Certains des chapitres semblent d'ailleurs se construirent dans une continuité complice avec les travaux de Denis Gagnon, qui défend la reconnaissance d’un champ d’études à part entière pour les études métisses. Mais de façon simultanée, on entrecroise, un peu à la légère, les parcours d’intégration des nouveaux arrivants à une problématique de double discrimination historique des Métis francophones : minorisés en raison de la langue française ET de la filiation autochtone. Il s’agit là d’une discussion, en soit porteuse qui devrait à mon sens interpeller aussi le processus de « britannisation » du Canada. Au lieu d’aborder de front cette considération qui se révèle dans de nombreux exemples, on choisira plutôt de taire cette réalité en filigrane qui teinte pourtant les rapports de pouvoir au sujet des identités métisses, de l’Est à l’Ouest du Canada. Ce choix de taire les rapports de pouvoir au coeur des identités canadiennes d’est en ouest s’inscrit en continuité avec la logique du multiculturalisme. Morris reconnaît d’ailleurs dans le multiculturalisme la capacité « à diminuer les tensions sociales », mais l’inefficacité « en ce qui concerne l’identification et la définition de formes de relation entre les cultures que comprend le Canada » (2019 : 9). De plus, Morris semble vouloir nourrir ce « multiculturel » par une réflexion non dogmatique et non normative sur le métissage et le transcultural de Benessaieh (chapitre 2), une traduction proposée au concept de métissage.

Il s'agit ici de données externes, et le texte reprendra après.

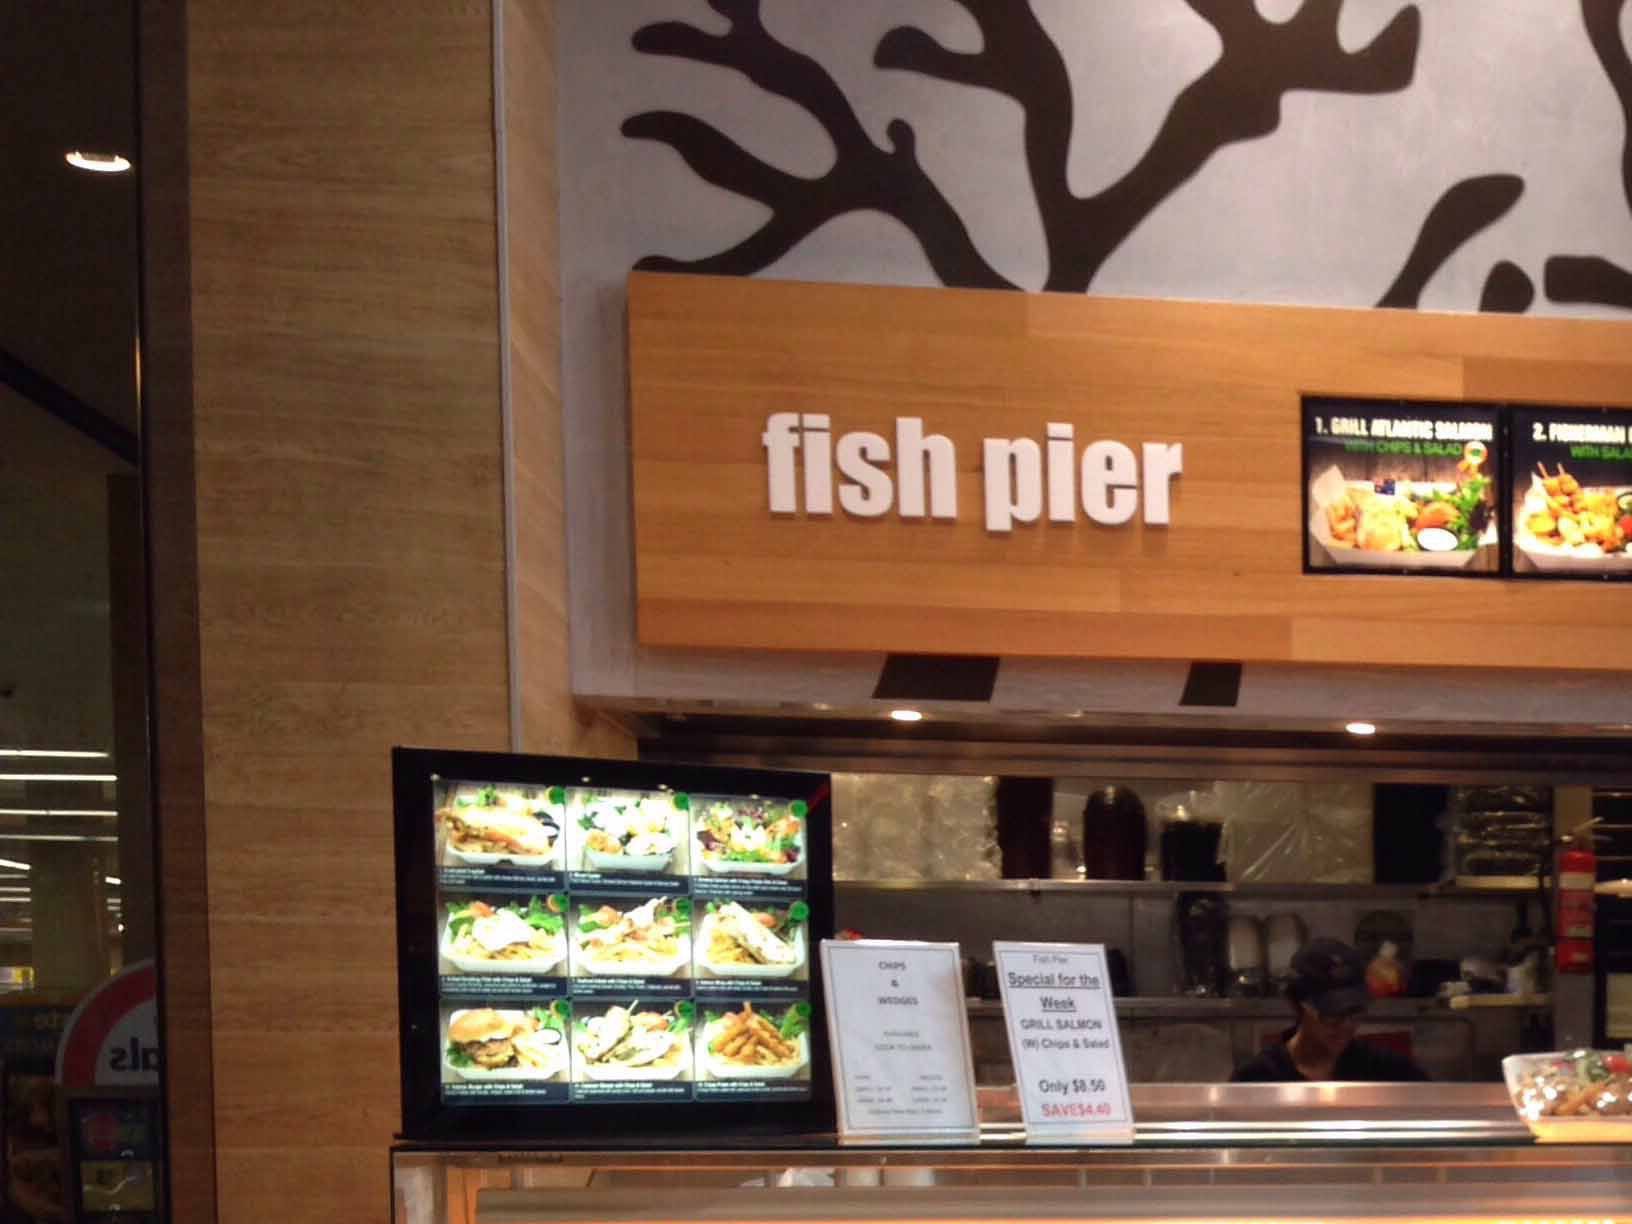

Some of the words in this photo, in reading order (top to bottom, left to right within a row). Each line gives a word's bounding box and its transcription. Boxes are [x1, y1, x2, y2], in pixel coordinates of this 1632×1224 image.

Par des conférences particulièrement diversifiées allant de l’étude linguistique à l’analyse des expressions culturelles et artistiques et la construction identitaire autochtone, métisse et immigrante, cet ouvrage offre des outils pour analyser la diversité au Canada. La question sous-jacente aux actes de ce colloque est de savoir comment le Canada va gérer le fait social de la diversité.

Si la gestion comme l’expérience de la diversité culturelle au Canada est un réel sujet d’intérêt, le programme ambitieux de ce colloque arrive difficilement à réellement contribuer aux connaissances sur la diversité des identités des Métis du Canada et encore moins sur les métissages issus du long et complexe processus d’immigration. Toutefois, certains phénomènes humains et identitaires expérimentés par ces deux grandes catégories sociales se recoupent, et peuvent rejoindre d’autres communautés similaires dans le monde. Le décloisonnement de la spécificité canadienne et du statut identitaire spécifique proposé dans ce livre m’apparaît courageux et essentiel dans l’exercice d’une telle réflexion.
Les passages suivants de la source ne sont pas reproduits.